On Mon, 06 Apr 2026 15:41:08 +0100,
Doug Anderson <dianders@xxxxxxxxxxxx> wrote:
> 
> Hi,
> 
> On Sun, Apr 5, 2026 at 11:32 PM Marc Zyngier <maz@xxxxxxxxxx> wrote:
> >
> > > +      * blocked those attempts. Now that all of the above initialization has
> > > +      * happened, unblock probe. If probe happens through another thread
> > > +      * after this point but before bus_probe_device() runs then it's fine.
> > > +      * bus_probe_device() -> device_initial_probe() -> __device_attach()
> > > +      * will notice (under device_lock) that the device is already bound.
> > > +      */
> > > +     dev_set_ready_to_probe(dev);
> >
> > I think this lacks some ordering properties that we should be allowed
> > to rely on. In this case, the 'ready_to_probe' flag being set should
> > that all of the data structures are observable by another CPU.
> >
> > Unfortunately, this doesn't seem to be the case, see below.
> 
> I agree. I think Danilo was proposing fixing this by just doing:
> 
> device_lock(dev);
> dev_set_ready_to_probe(dev);
> device_unlock(dev);
> 
> While that's a bit of an overkill, it also works I think. Do folks
> have a preference for what they'd like to see in v5?

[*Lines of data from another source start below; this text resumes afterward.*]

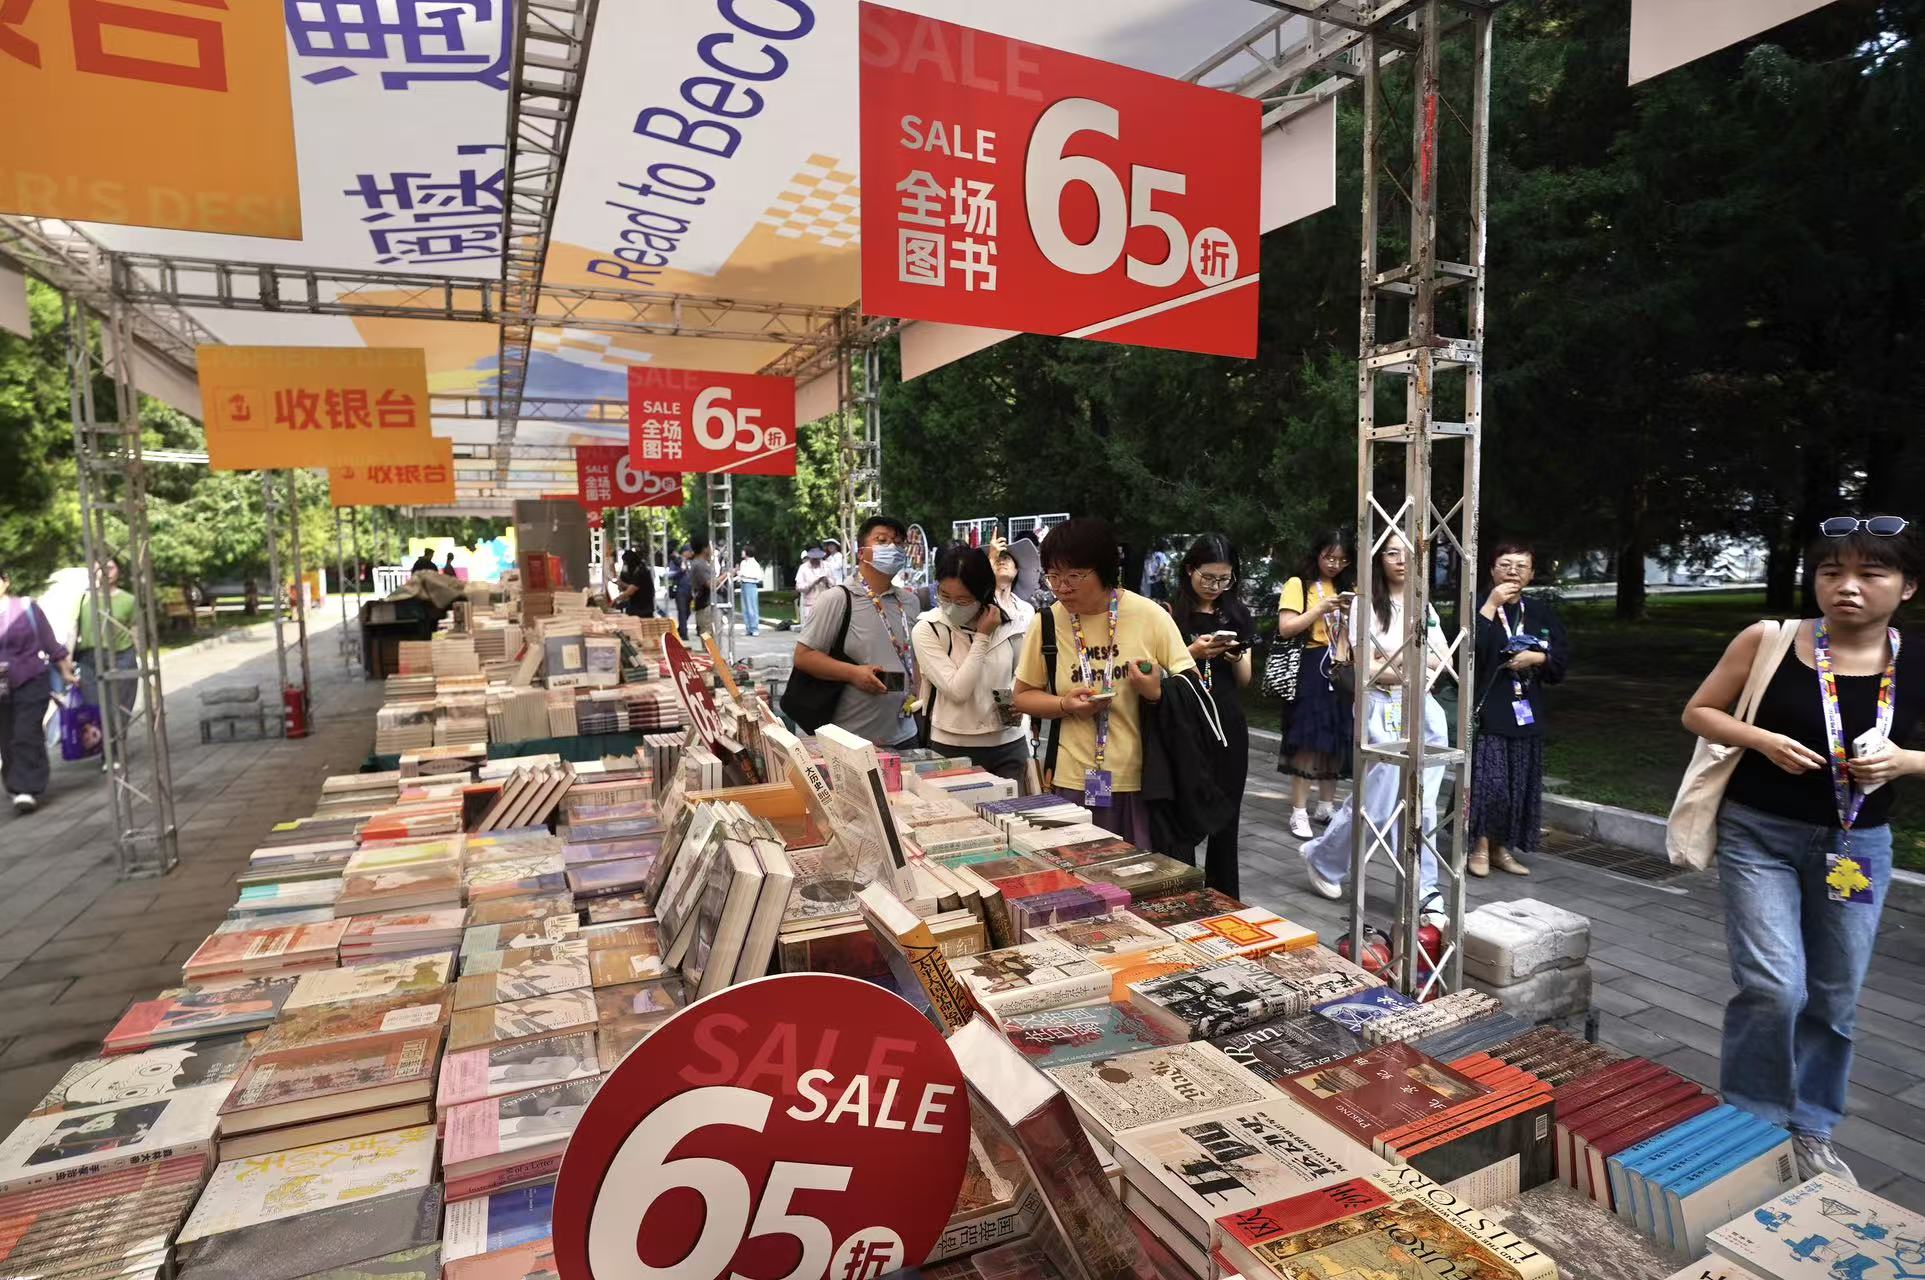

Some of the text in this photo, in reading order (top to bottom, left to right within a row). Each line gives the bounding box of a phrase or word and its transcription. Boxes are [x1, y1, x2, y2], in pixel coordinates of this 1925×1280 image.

[900, 114, 997, 165] SALE
[617, 163, 717, 206] to
[896, 169, 997, 238] 全场
[586, 200, 690, 287] Read
[899, 228, 997, 292] 图书
[275, 387, 417, 430] 收银台
[642, 400, 682, 415] SALE
[641, 419, 683, 440] 全场
[641, 440, 683, 460] 图书
[367, 464, 446, 485] 收银台
[584, 464, 610, 475] SALE
[585, 476, 611, 489] 全场
[803, 765, 825, 792] 大历史
[786, 1068, 957, 1135] SALE
[1335, 1103, 1371, 1130] PEKING
[1236, 1115, 1337, 1179] 运动史
[1237, 1182, 1374, 1239] 欧洲
[1386, 1166, 1541, 1263] HISTORY
[1413, 1192, 1521, 1266] AND THE PEOPLE WITHOUT
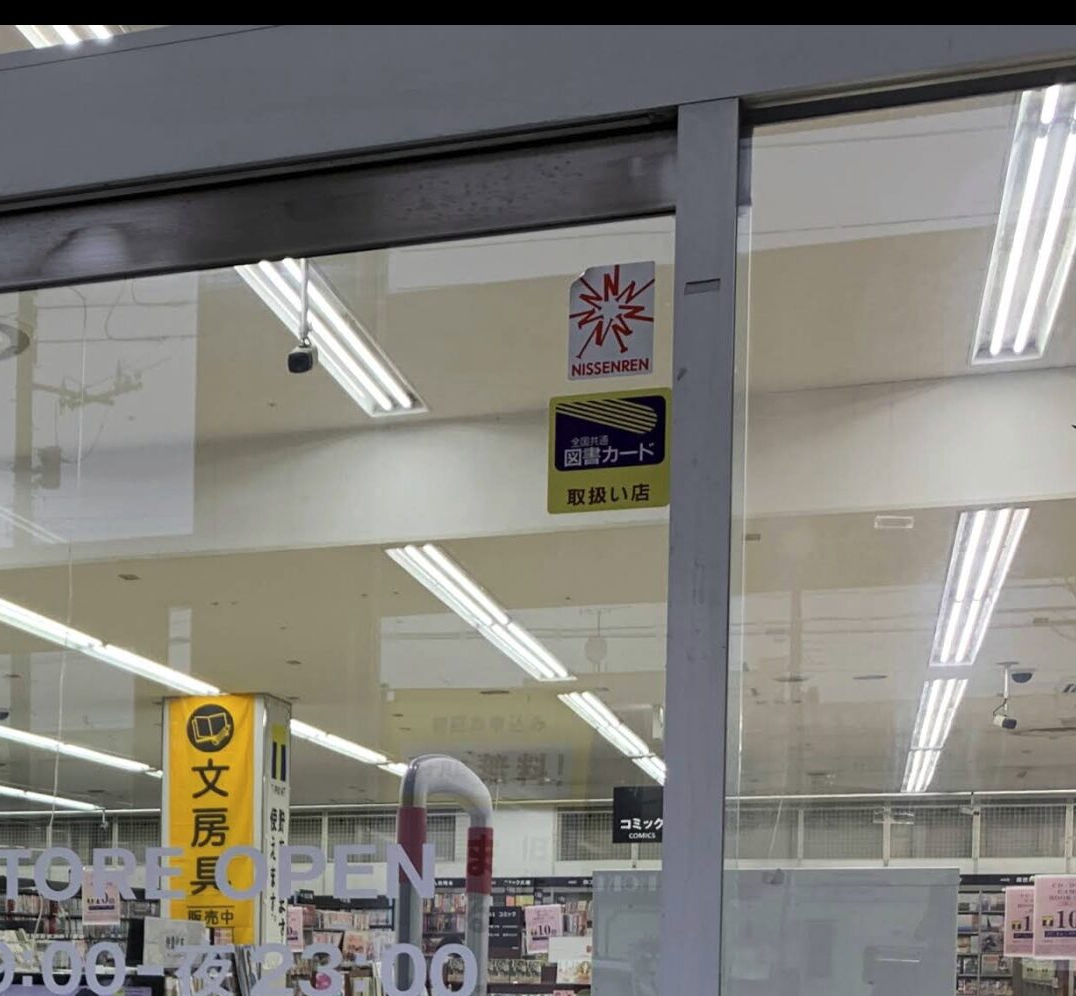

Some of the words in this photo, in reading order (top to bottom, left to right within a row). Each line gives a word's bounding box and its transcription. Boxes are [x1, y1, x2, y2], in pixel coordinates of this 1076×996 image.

[571, 358, 650, 377] NISSENREN
[571, 434, 609, 447] 全国共通
[564, 442, 655, 468] 図書カード
[567, 483, 650, 506] 取扱い店
[190, 758, 230, 895] 文房具
[619, 817, 664, 831] コミック
[214, 842, 435, 900] OPEN
[188, 909, 235, 926] 販売中
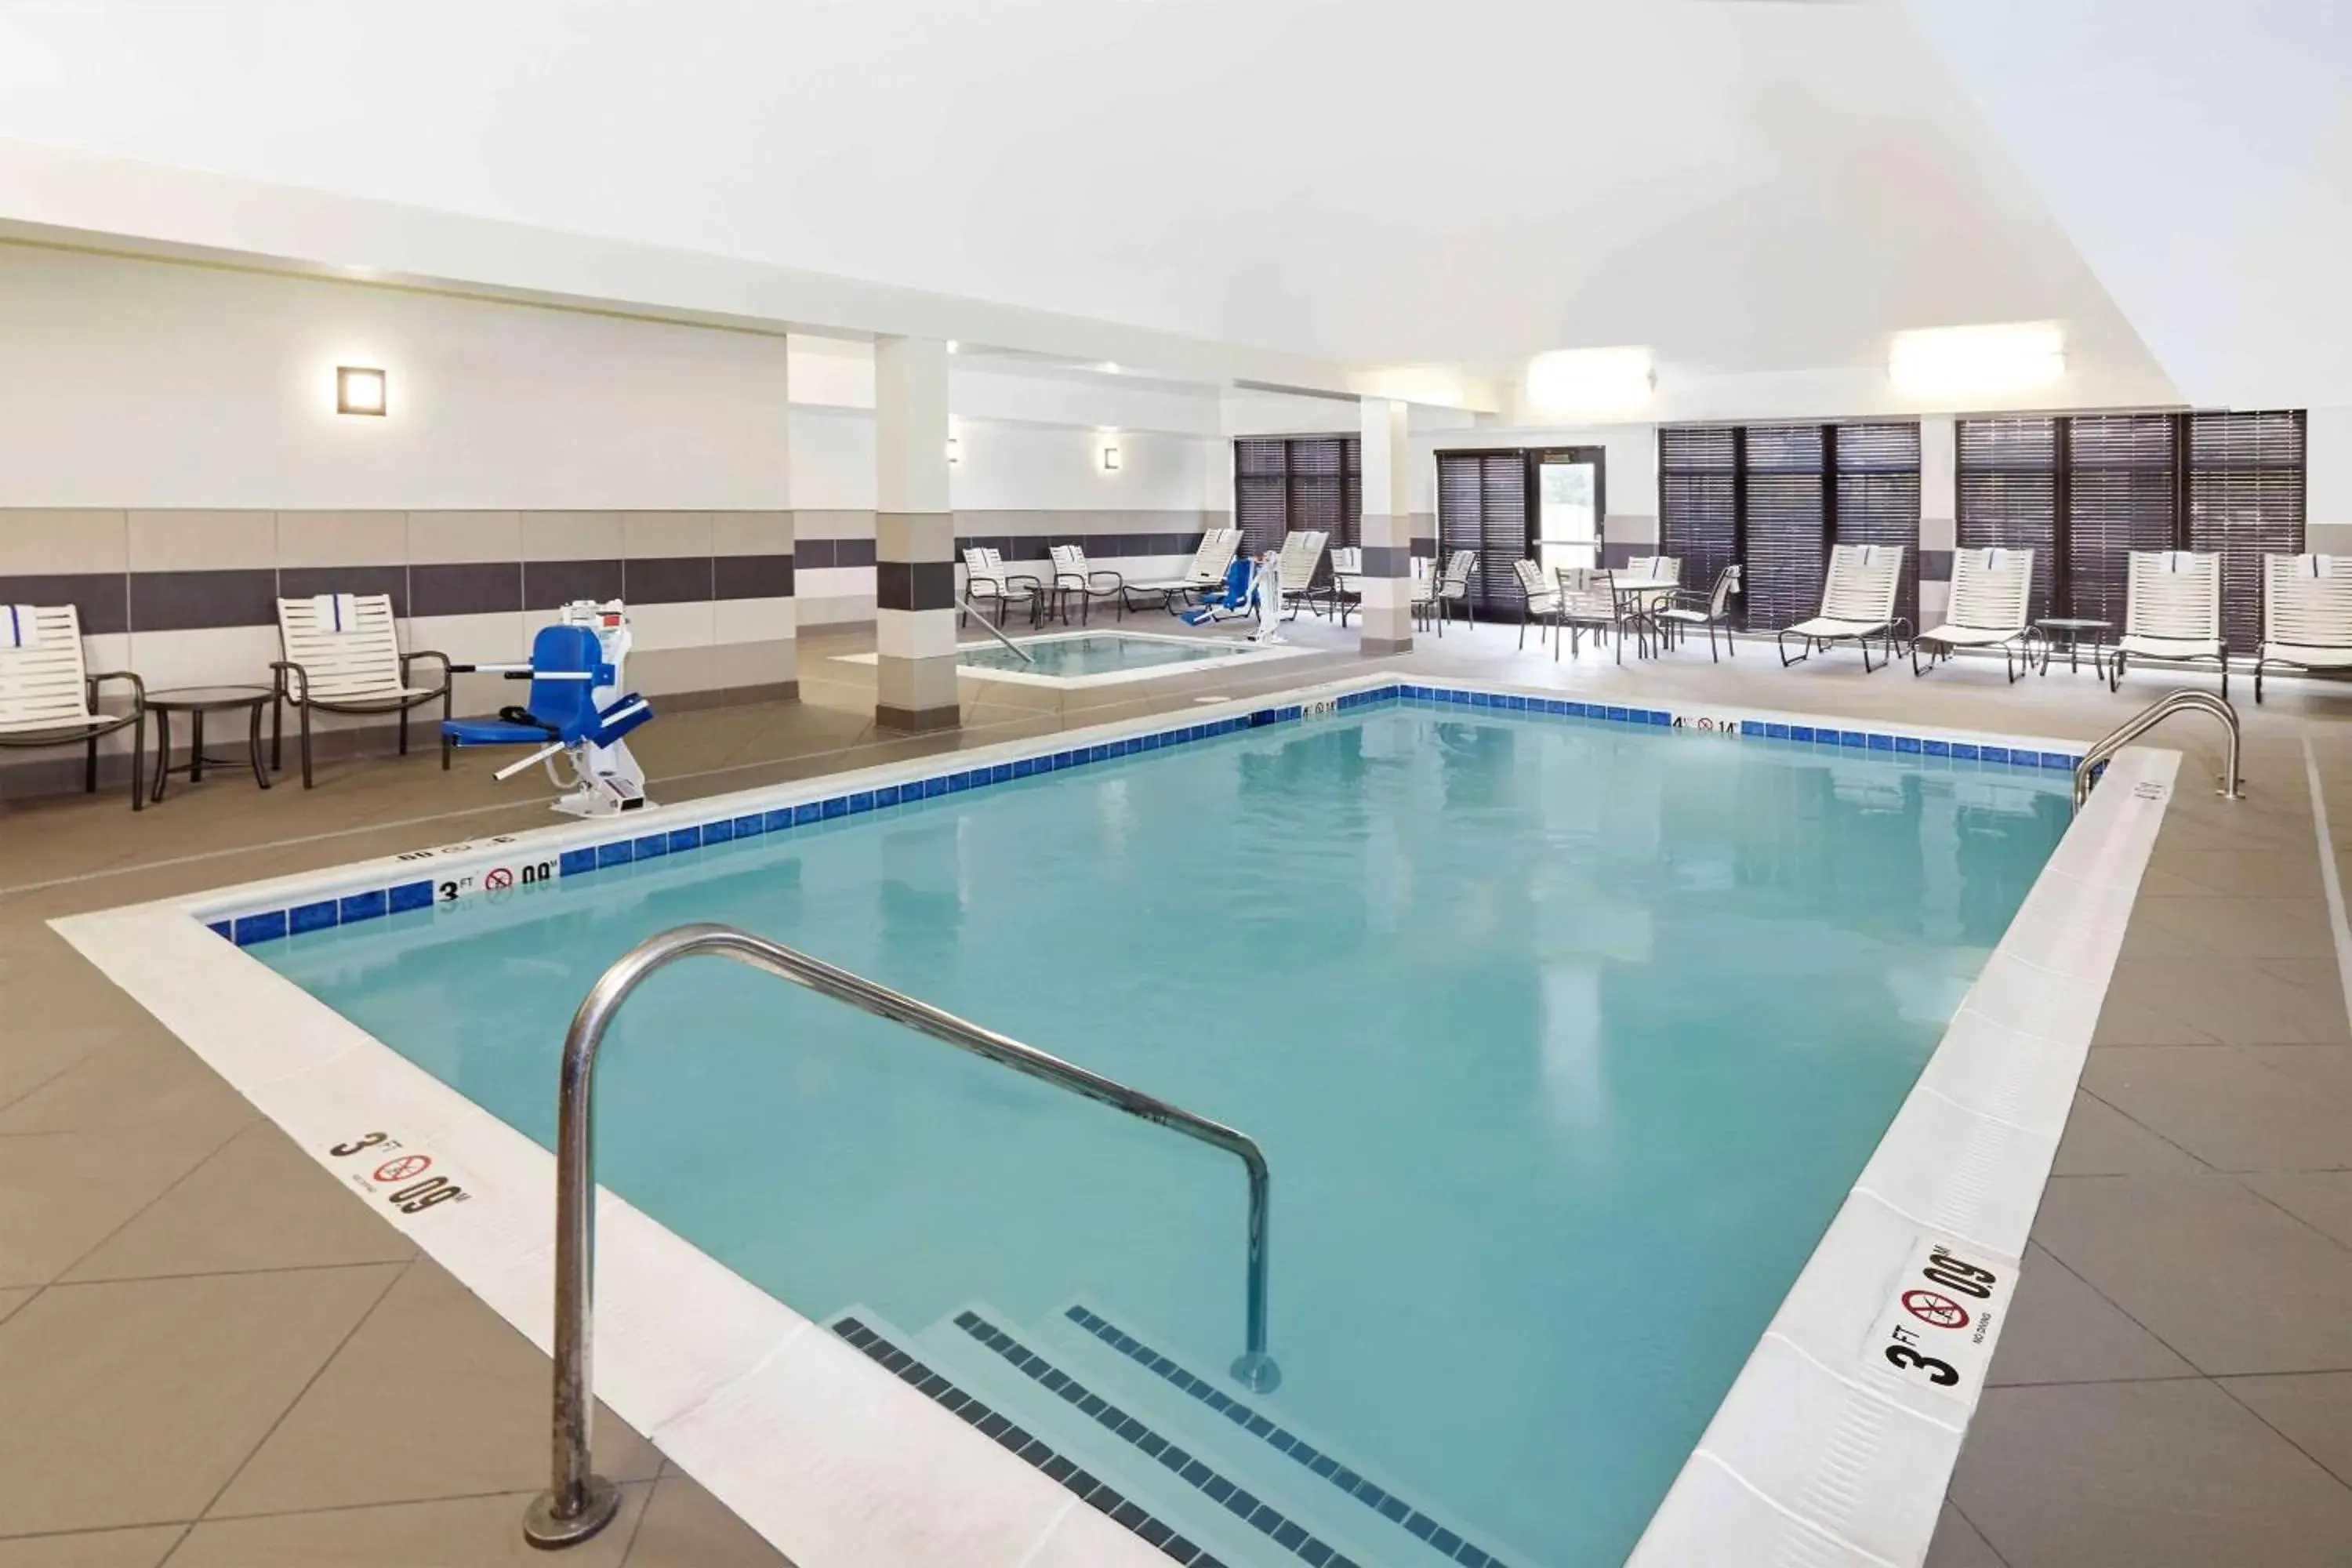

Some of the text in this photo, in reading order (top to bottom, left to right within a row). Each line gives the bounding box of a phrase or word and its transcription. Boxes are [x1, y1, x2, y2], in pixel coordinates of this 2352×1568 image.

It would work, but I find the construct rather obscure, and it implies
that there is a similar lock taken on the read path. Looking at the
code for a couple of minutes doesn't lead to an immediate clue that
such lock is indeed taken on all read paths.

>
> 
> > > @@ -675,8 +691,34 @@ struct device {
> > >  #ifdef CONFIG_IOMMU_DMA
> > >       bool                    dma_iommu:1;
> > >  #endif
> > > +
> > > +     DECLARE_BITMAP(flags, DEV_FLAG_COUNT);
> > >  };
> > >
> > > +#define __create_dev_flag_accessors(accessor_name, flag_name) \
> > > +static inline bool dev_##accessor_name(const struct device *dev) \
> > > +{ \
> > > +     return test_bit(flag_name, dev->flags); \
> > > +} \
> > > +static inline void dev_set_##accessor_name(struct device *dev) \
> > > +{ \
> > > +     set_bit(flag_name, dev->flags); \
> >
> > Atomic operations that are not RMW or that do not return a value are
> > unordered (see Documentation/atomic_bitops.txt). This implies that
> > observing the flag being set from another CPU does not guarantee that
> > the previous stores in program order are observed.
> >
> > For that guarantee to hold, you'd need to have an
> > smp_mb__before_atomic() just before set_bit(), giving it release
> > semantics. This is equally valid for the test, clear and assign
> > variants.
> >
> > I doubt this issue is visible on a busy system (which would be the
> > case at boot time), but I thought I'd mention it anyway.
> 
> Are you suggesting I add smp memory barriers directly in all the
> accessors? ...or just that clients of these functions should use
> memory barriers as appropriate?
> 
> In other words, would I do:
> 
> smp_mb__before_atomic();
> dev_set_ready_to_probe(dev);
> 
> ...or add the barrier into all of the accessor?
> 
> My thought was to not add the barrier into the accessors since at
> least one of the accessors talks about being run from a hot path
> (dma_reset_need_sync()). ...but I just want to make sure.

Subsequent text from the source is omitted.